* YOUR INSTRUCTIONS *
When the data below is printed, every line must match exactly and the images must be absent.

========================================

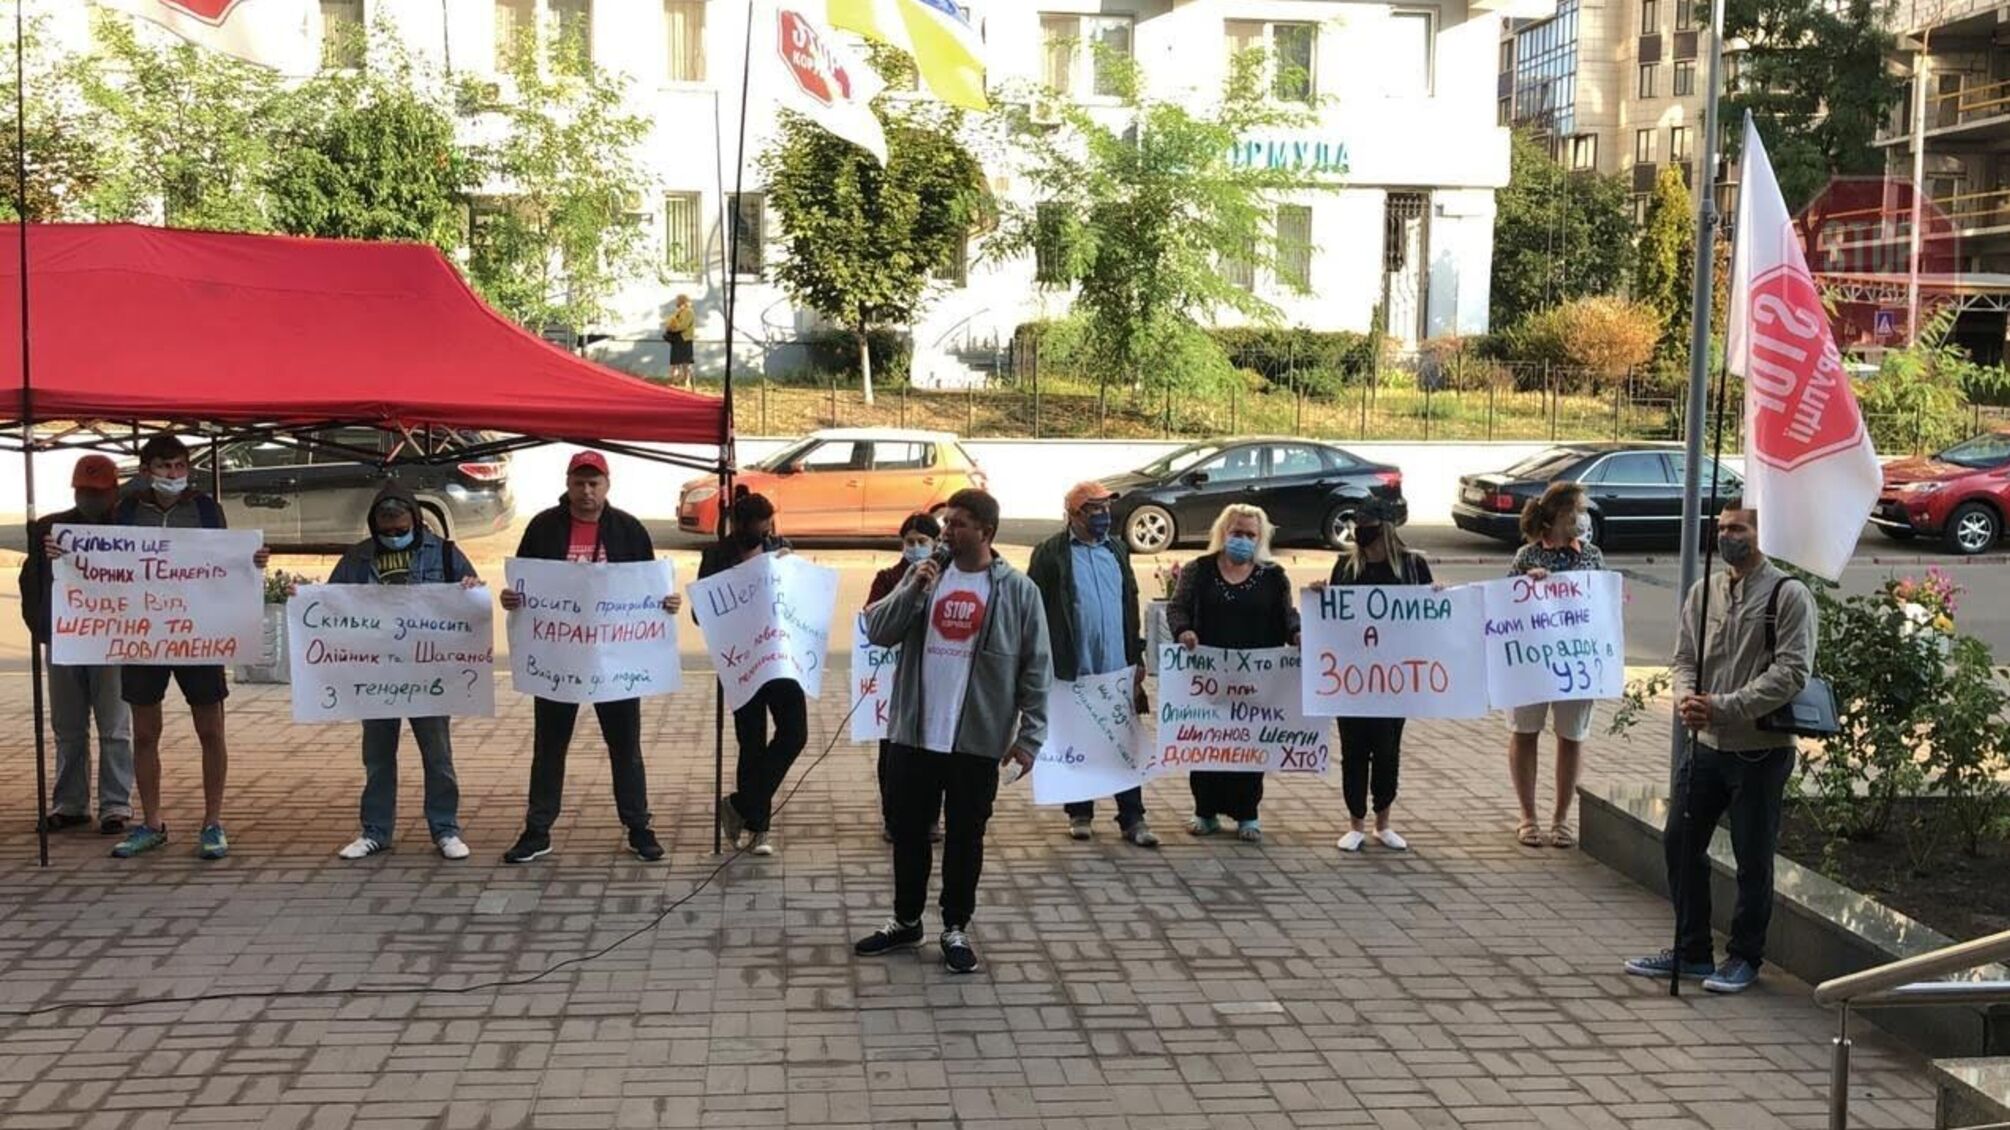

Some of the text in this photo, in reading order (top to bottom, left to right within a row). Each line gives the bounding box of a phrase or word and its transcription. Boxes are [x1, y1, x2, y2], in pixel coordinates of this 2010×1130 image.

[303, 601, 381, 629] Скільки
[943, 600, 977, 619] STOP
[1320, 588, 1356, 620] НЕ
[532, 617, 666, 644] КАРАНТИНОМ
[306, 639, 380, 664] Олійник
[1189, 676, 1218, 696] 50
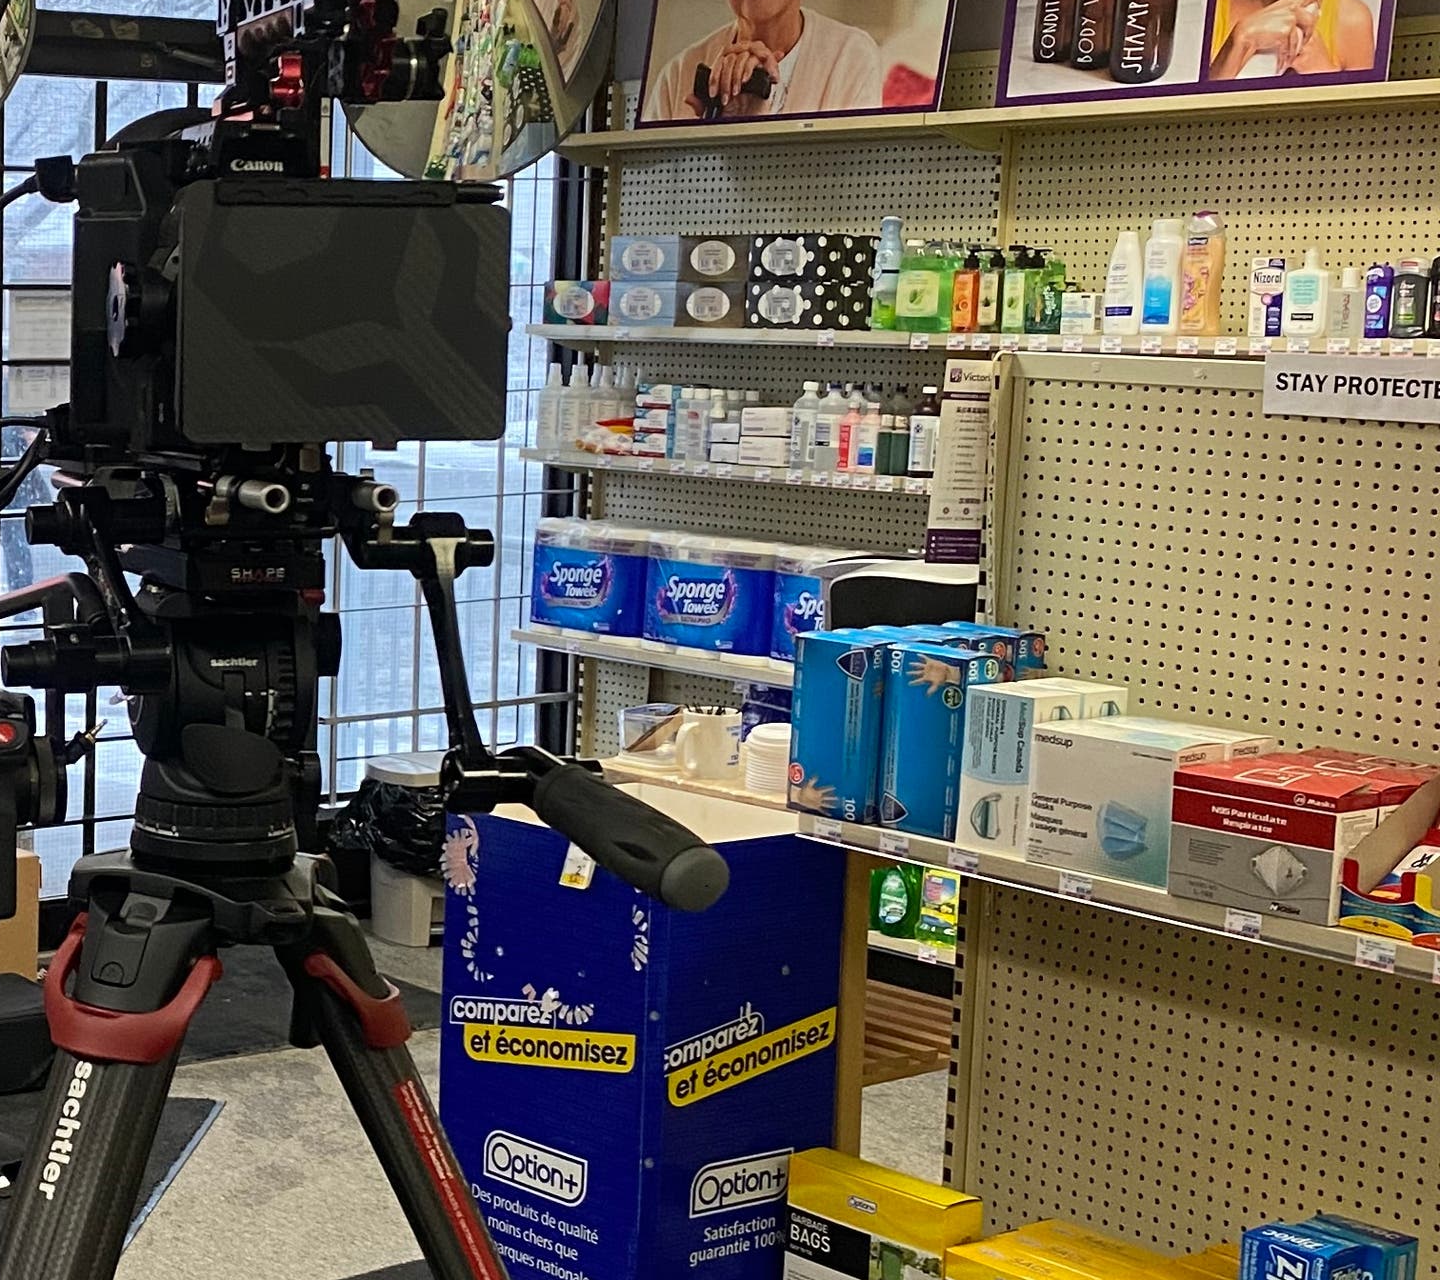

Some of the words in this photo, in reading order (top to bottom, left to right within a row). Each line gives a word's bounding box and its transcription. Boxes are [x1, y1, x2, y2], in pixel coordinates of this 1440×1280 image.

[1077, 12, 1096, 64] BODY
[230, 159, 284, 173] Canon
[1253, 271, 1283, 284] Nizoral
[1275, 372, 1329, 393] STAY
[549, 561, 603, 587] Sponge
[565, 583, 598, 597] Towels
[667, 575, 726, 603] Sponge
[682, 599, 720, 615] Towels
[210, 657, 258, 667] sachtler
[891, 650, 902, 674] 100
[968, 660, 978, 682] 100
[1034, 733, 1073, 749] medsup
[1015, 740, 1026, 774] Canada
[844, 797, 856, 821] 100
[1031, 792, 1059, 805] General
[1060, 797, 1093, 811] Purpose
[1031, 800, 1054, 812] Masks
[1035, 822, 1058, 835] usage
[1222, 817, 1273, 834] Respirator
[1231, 808, 1287, 826] Particulate
[453, 1000, 552, 1025] comparez
[470, 1030, 491, 1053] et
[495, 1029, 627, 1066] économisez
[675, 1069, 698, 1099] et
[703, 1021, 830, 1088] économisez
[38, 1060, 93, 1201] sachtler
[491, 1142, 578, 1193] Option+
[698, 1167, 785, 1206] Option+
[471, 1183, 492, 1203] Des
[493, 1195, 539, 1222] produits
[540, 1211, 556, 1229] de
[558, 1221, 599, 1245] qualité
[790, 1212, 828, 1234] GARBAGE
[488, 1216, 522, 1239] moins
[523, 1228, 553, 1251] chers
[554, 1242, 578, 1261] que
[703, 1216, 776, 1243] Satisfaction
[789, 1223, 831, 1253] BAGS
[1261, 1229, 1323, 1250] Ziploc
[689, 1237, 750, 1267] guarantie
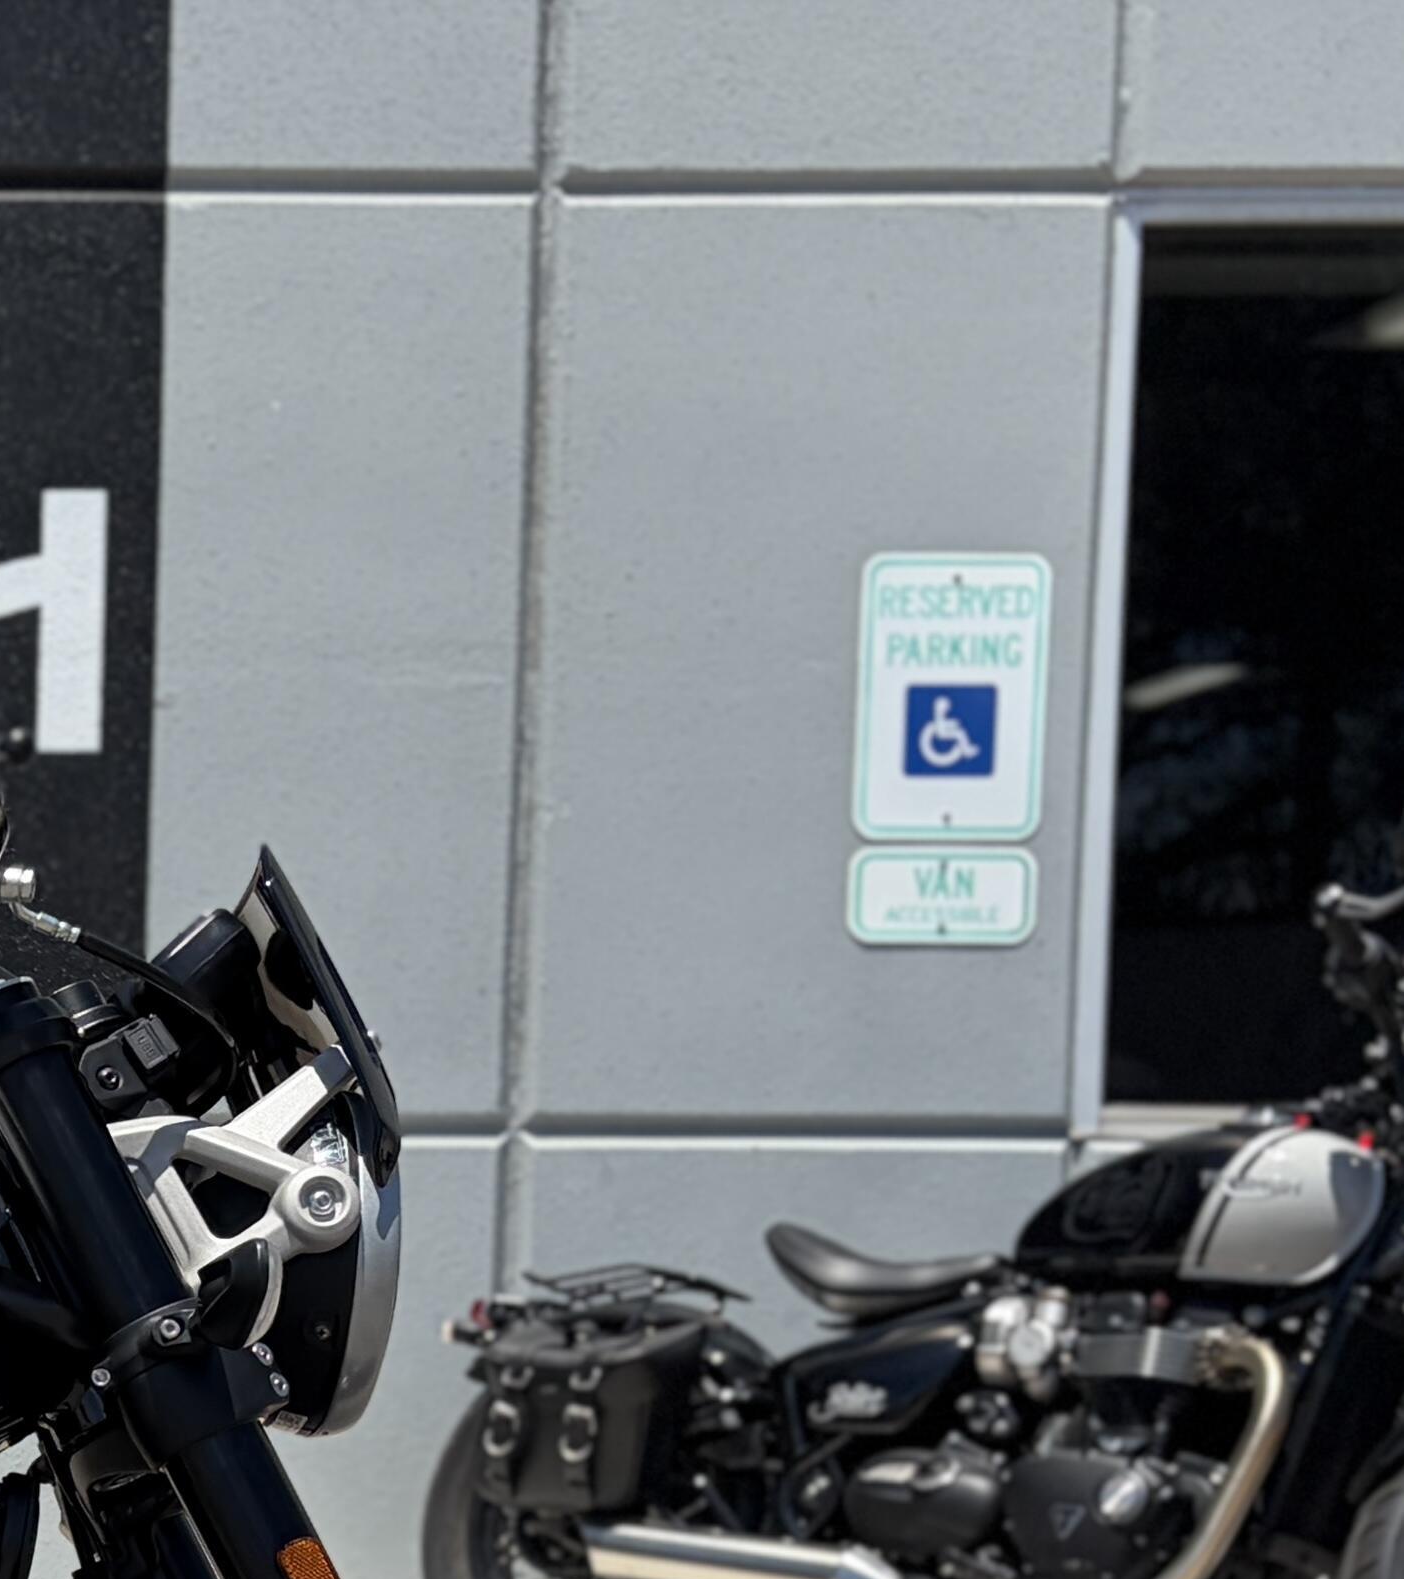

========================================

* RESULT FOR THIS TASK *
Some of the text in this photo, in reading order (top to bottom, left to right within a row). Each line gives the bounding box of a phrase or word and its transcription. Boxes are [x1, y1, x2, y2], in pixel coordinates of this 2010×1130 image.

[303, 601, 381, 629] Скільки
[943, 600, 977, 619] STOP
[1320, 588, 1356, 620] НЕ
[532, 617, 666, 644] КАРАНТИНОМ
[306, 639, 380, 664] Олійник
[1189, 676, 1218, 696] 50

Some of the words in this photo, in reading order (top to bottom, left to right within a row). Each line gives a word's bounding box and its transcription. Boxes are [x1, y1, x2, y2], in pixel coordinates of this 1440×1280 image.

[1077, 12, 1096, 64] BODY
[230, 159, 284, 173] Canon
[1253, 271, 1283, 284] Nizoral
[1275, 372, 1329, 393] STAY
[549, 561, 603, 587] Sponge
[565, 583, 598, 597] Towels
[667, 575, 726, 603] Sponge
[682, 599, 720, 615] Towels
[210, 657, 258, 667] sachtler
[891, 650, 902, 674] 100
[968, 660, 978, 682] 100
[1034, 733, 1073, 749] medsup
[1015, 740, 1026, 774] Canada
[844, 797, 856, 821] 100
[1031, 792, 1059, 805] General
[1060, 797, 1093, 811] Purpose
[1031, 800, 1054, 812] Masks
[1035, 822, 1058, 835] usage
[1222, 817, 1273, 834] Respirator
[1231, 808, 1287, 826] Particulate
[453, 1000, 552, 1025] comparez
[470, 1030, 491, 1053] et
[495, 1029, 627, 1066] économisez
[675, 1069, 698, 1099] et
[703, 1021, 830, 1088] économisez
[38, 1060, 93, 1201] sachtler
[491, 1142, 578, 1193] Option+
[698, 1167, 785, 1206] Option+
[471, 1183, 492, 1203] Des
[493, 1195, 539, 1222] produits
[540, 1211, 556, 1229] de
[558, 1221, 599, 1245] qualité
[790, 1212, 828, 1234] GARBAGE
[488, 1216, 522, 1239] moins
[523, 1228, 553, 1251] chers
[554, 1242, 578, 1261] que
[703, 1216, 776, 1243] Satisfaction
[789, 1223, 831, 1253] BAGS
[1261, 1229, 1323, 1250] Ziploc
[689, 1237, 750, 1267] guarantie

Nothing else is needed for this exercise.